Though ASU is discussing removing free COVID tests from all campuses, these tests are critical to protecting the most vulnerable on campus


Devils' drop-off sign on ASU's West Valley Campus on Thursday, Feb. 29, 2024 in Glendale.

While COVID-19 may not be at the forefront of every student's mind this year, ASU is quietly discussing the end of the Devils' drop-off program. This prospect could be devastating to the most vulnerable on campus, and students deserve access to free, accurate COVID tests.

Since May 2020, ASU has offered saliva PCR tests on all campuses through the Devils’ drop-off program. The clinical testing laboratory within the Biodesign Institute offers highly accurate COVID tests, with results delivered within 48 hours. 

However, in May 2023, the program removed many of its drop-off sites. There are now only three drop-off locations on the Tempe campus and one location each for the West Valley, Downtown and Polytechnic campuses. The remaining locations are primarily in high-traffic and high-visibility locations, with none remaining in residence halls.

"The demand is reduced," Vel Murugan, an associate research professor at the Biodesign Institute and technical director of the clinical lab, said. "We started seeing (that) in many locations, we didn't even have any samples for days. It's just a demand to reduce it so that we can operate more efficiently."

However, there is a genuine possibility that the Devils' drop-off program may be eliminated altogether. 

Carolyn Compton is the medical director of the clinical testing lab. In an email, she discussed the current and future status of the lab. 

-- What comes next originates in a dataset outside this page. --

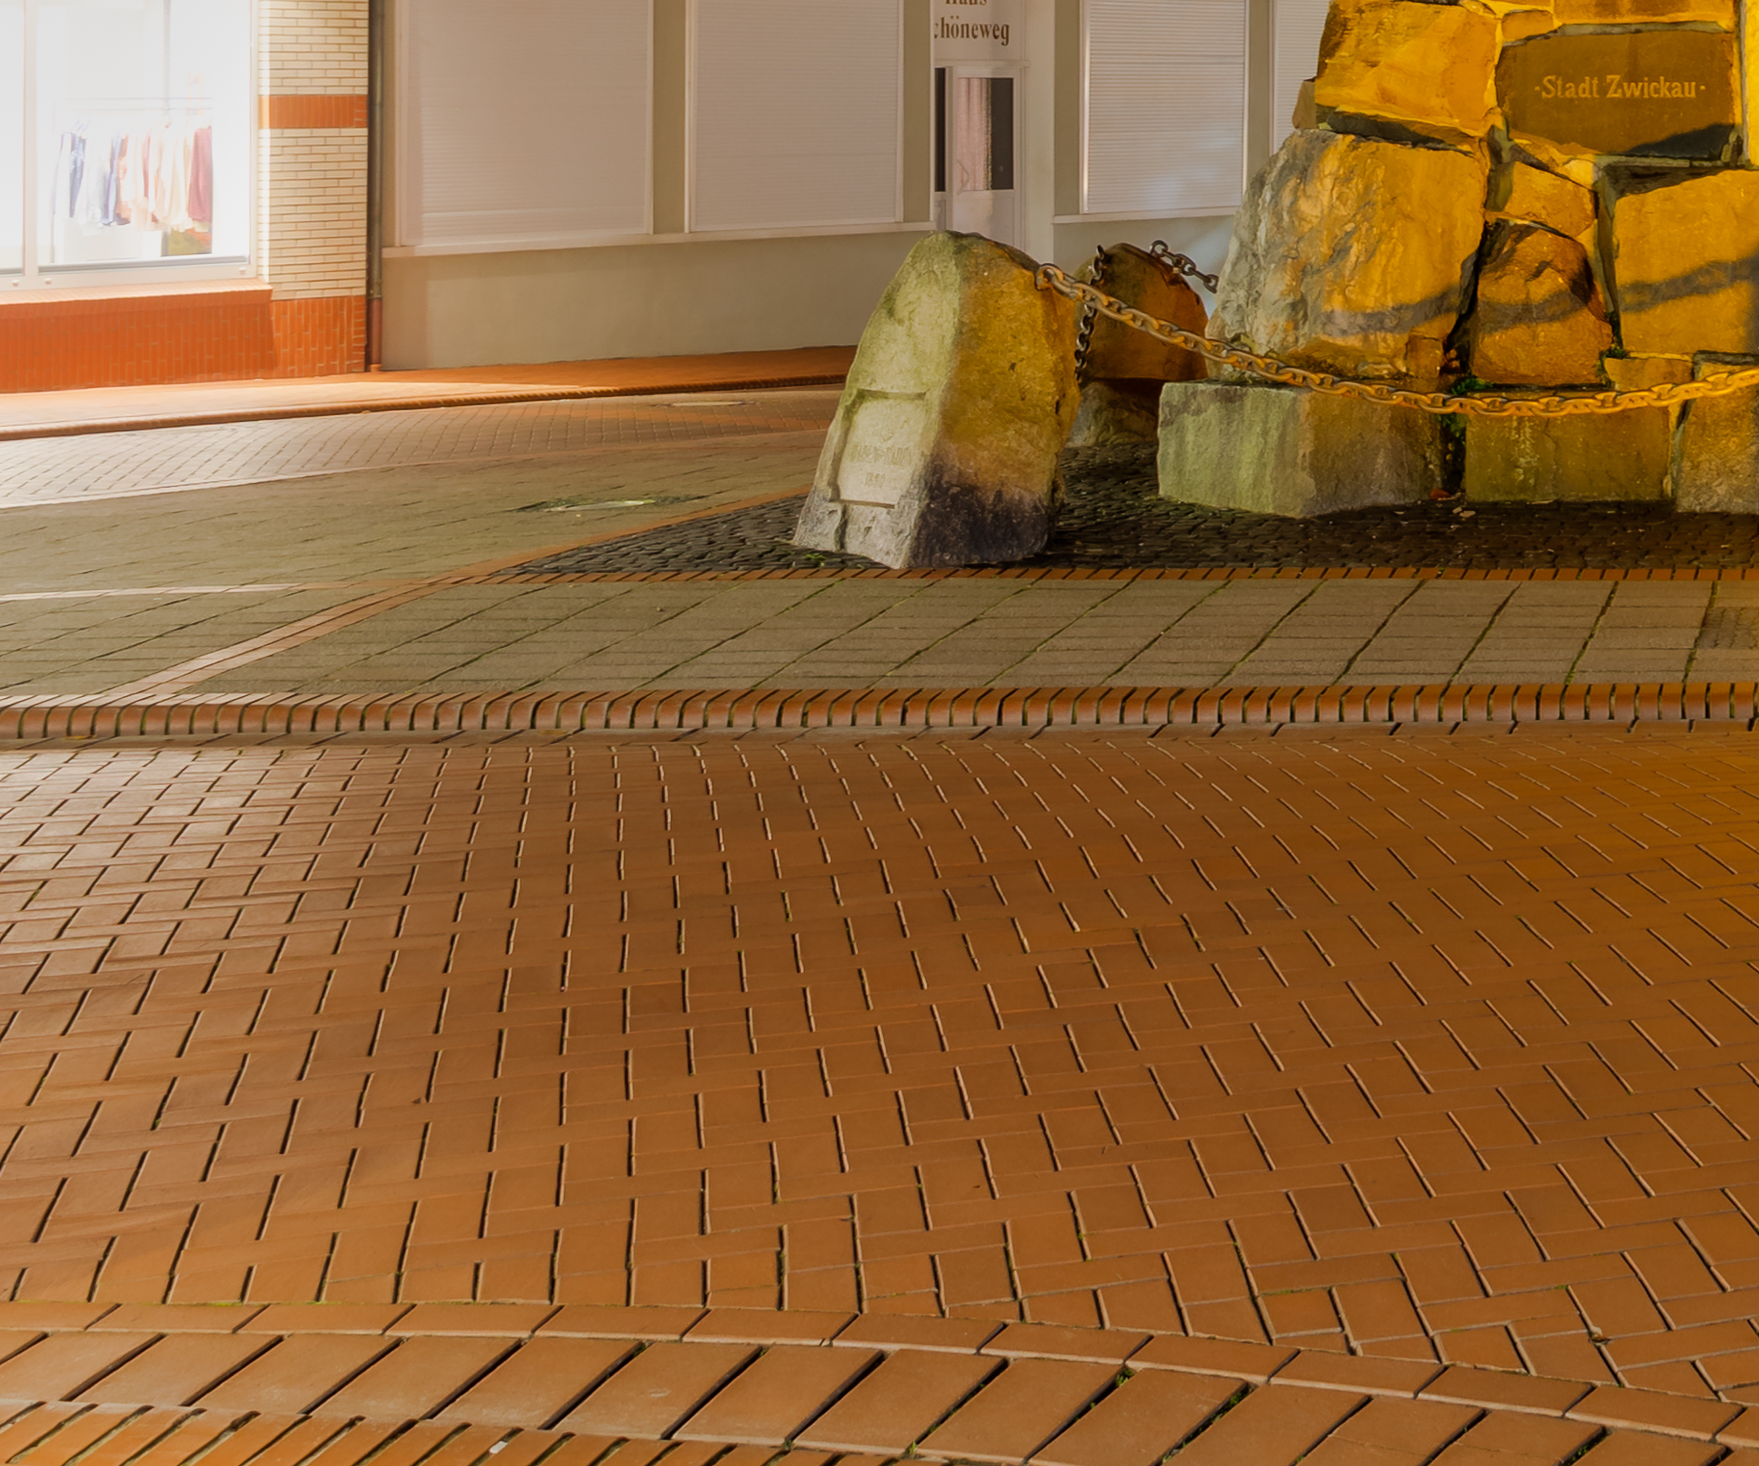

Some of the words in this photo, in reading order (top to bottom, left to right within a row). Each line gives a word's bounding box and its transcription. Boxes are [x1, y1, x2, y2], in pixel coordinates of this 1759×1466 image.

[934, 14, 1011, 47] chöneweg
[1541, 73, 1600, 99] Stadt
[1605, 74, 1697, 100] Zwickau
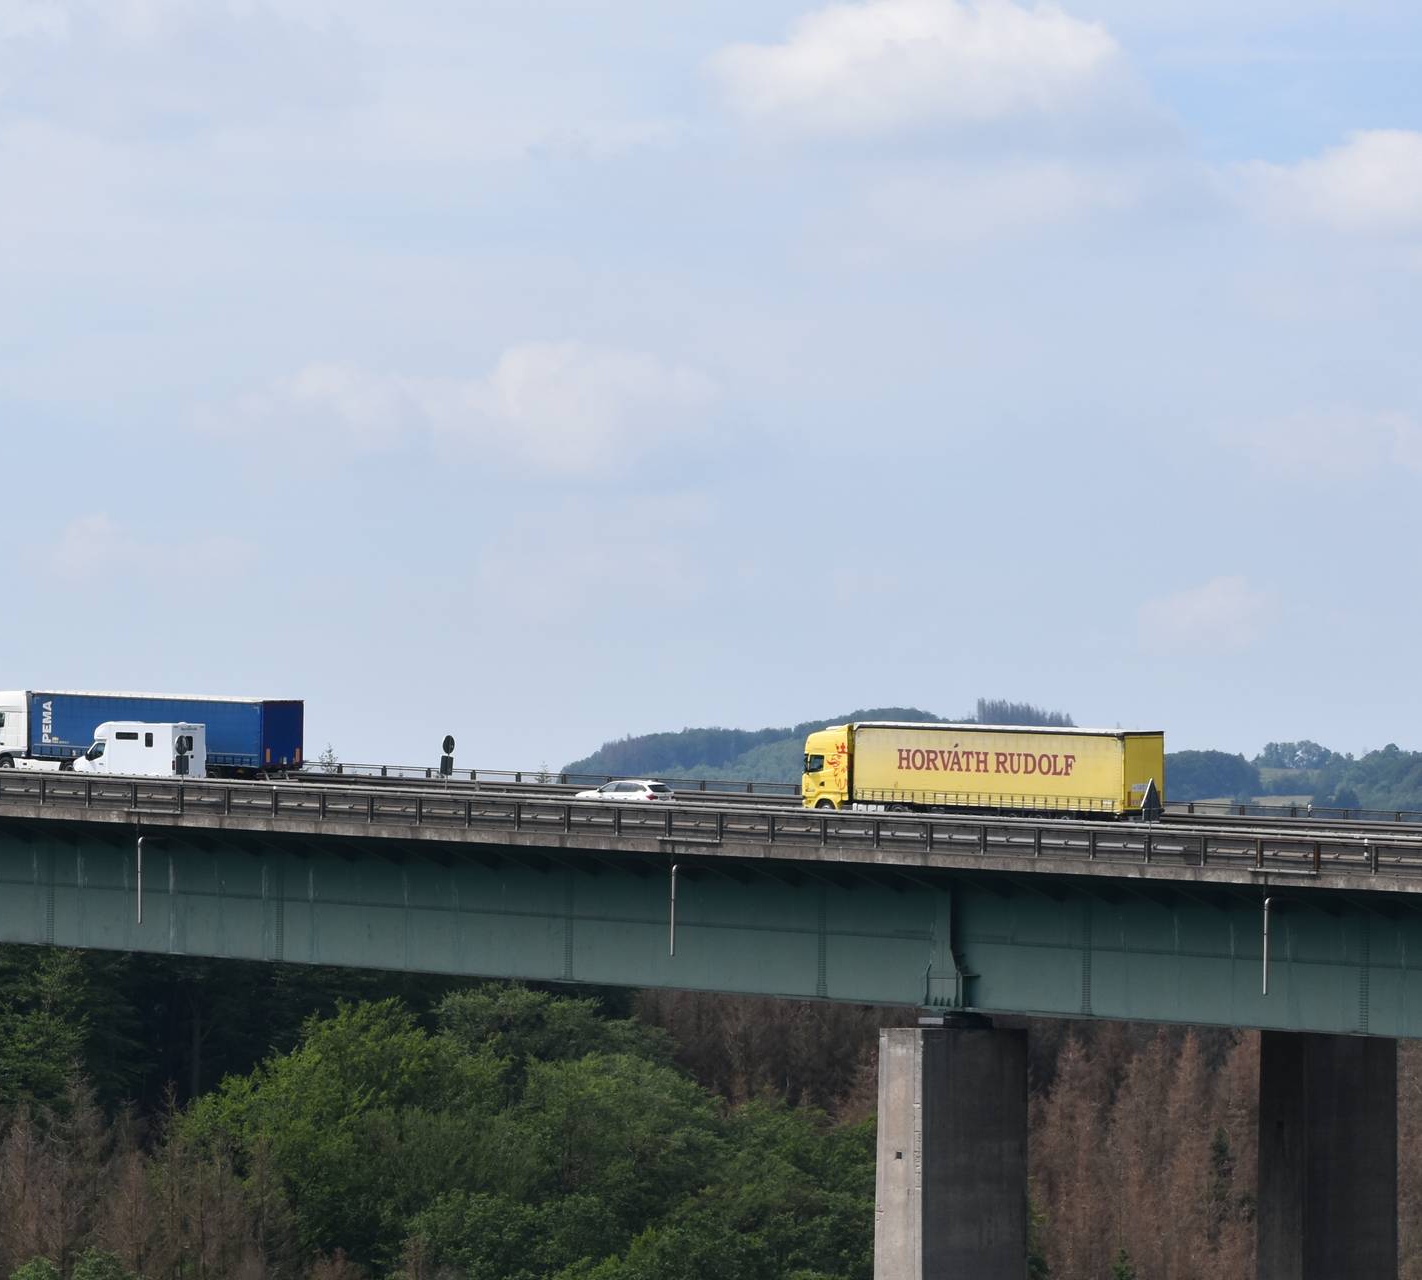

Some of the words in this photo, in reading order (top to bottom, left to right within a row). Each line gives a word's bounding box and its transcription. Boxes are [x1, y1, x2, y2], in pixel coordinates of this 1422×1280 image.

"We no longer have that source of funding, and demand for COVID testing has dropped," Compton said in her email. "For both reasons, we have had to close down many of our Devils' Drop-Off sample collection sites. Further, the future of the lab is somewhat uncertain."

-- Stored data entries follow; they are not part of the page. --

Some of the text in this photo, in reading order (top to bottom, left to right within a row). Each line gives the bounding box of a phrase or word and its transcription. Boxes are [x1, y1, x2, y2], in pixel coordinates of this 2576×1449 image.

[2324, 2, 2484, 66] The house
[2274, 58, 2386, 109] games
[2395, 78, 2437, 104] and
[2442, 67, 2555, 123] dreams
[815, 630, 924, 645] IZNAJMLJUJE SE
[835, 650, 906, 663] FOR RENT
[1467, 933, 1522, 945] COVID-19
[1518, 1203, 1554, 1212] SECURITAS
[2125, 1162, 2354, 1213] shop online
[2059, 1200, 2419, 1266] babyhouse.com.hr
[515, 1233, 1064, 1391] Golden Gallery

The source of funding Compton is referring to is the state. Joshua LaBaer, the executive director of the Biodesign Institute and scientific director of the lab, said that the state was paying for many of the tests being run. 

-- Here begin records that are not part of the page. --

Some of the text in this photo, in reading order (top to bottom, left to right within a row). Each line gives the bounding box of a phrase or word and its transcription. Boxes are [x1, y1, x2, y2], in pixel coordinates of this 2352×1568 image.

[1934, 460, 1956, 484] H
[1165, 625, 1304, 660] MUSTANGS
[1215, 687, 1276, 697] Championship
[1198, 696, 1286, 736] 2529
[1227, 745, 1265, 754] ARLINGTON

"If there were enough people using it, then I think the University might (still) do it," LaBaer said. "A big difference, of course, was back then, the state paid us to do those tests."

The financial burden of the clinical lab is not insignificant, nor is the labor that goes into running a clinical laboratory, which has to meet strict standards of accreditation. Tests must also be transported across the campuses to the clinical lab in the Biodesign Institute, although now there is no test pick-up offered on Friday or Saturday. 

At the height of the pandemic, the lab required daily upkeep to meet the demand. 

"We set up that lab," LaBaer said. "We got a bunch of new robots. We got all kinds of new automation, and we were meeting seven days a week, every day at 8:00 a.m."

This work paid off through keeping the community safe and providing valuable data to the state. In October 2021, the clinical lab completed its 1 millionth test. 

It should also be acknowledged that COVID is not a pressing concern for many students, especially with better medical technology to combat the virus, such as vaccines, Paxlovid and rapid response tests. In fact, one reason the demand for Devils' drop-off may have been reduced is the prevalence of rapid response tests. 

"A big thing that affected us was people getting the protein tests that they can get at the pharmacy," LaBaer said. "That test is very fast. It's not quite as accurate as our tests (and) doesn't get reported to the state like our test does, which is useful because the state can then track how often it's happening."

CVS offers rapid-response COVID tests from $10 to $20 with delivery options available. The federal government also offered four free rapid test kits per household in November.

However, rapid kits are less reliable than PCR kits, with a higher rate of false negatives.

This is why having free, highly reliable kits was such a boon to the community at the height of the pandemic. But even now, there are many reasons a community member needs either a free test or a more reliable one. 

At this massive school, there are students facing financial difficulties and community members who are immunocompromised or who live with immunocompromised people. People may also prefer a more accurate test to guide their decision-making, like when they return to classes or a job after testing positive. 

A free test in an easily accessible location may also increase the chance that students will test at the first sign of illness. The barriers to the test include cost, distance and even the fear of missing class or work. These hinderances may keep students from testing at the first sign of illness, which puts the most vulnerable members of the community at risk.

Every student may not appreciate the Devils' drop-off program, but for those who need it, the program is invaluable. 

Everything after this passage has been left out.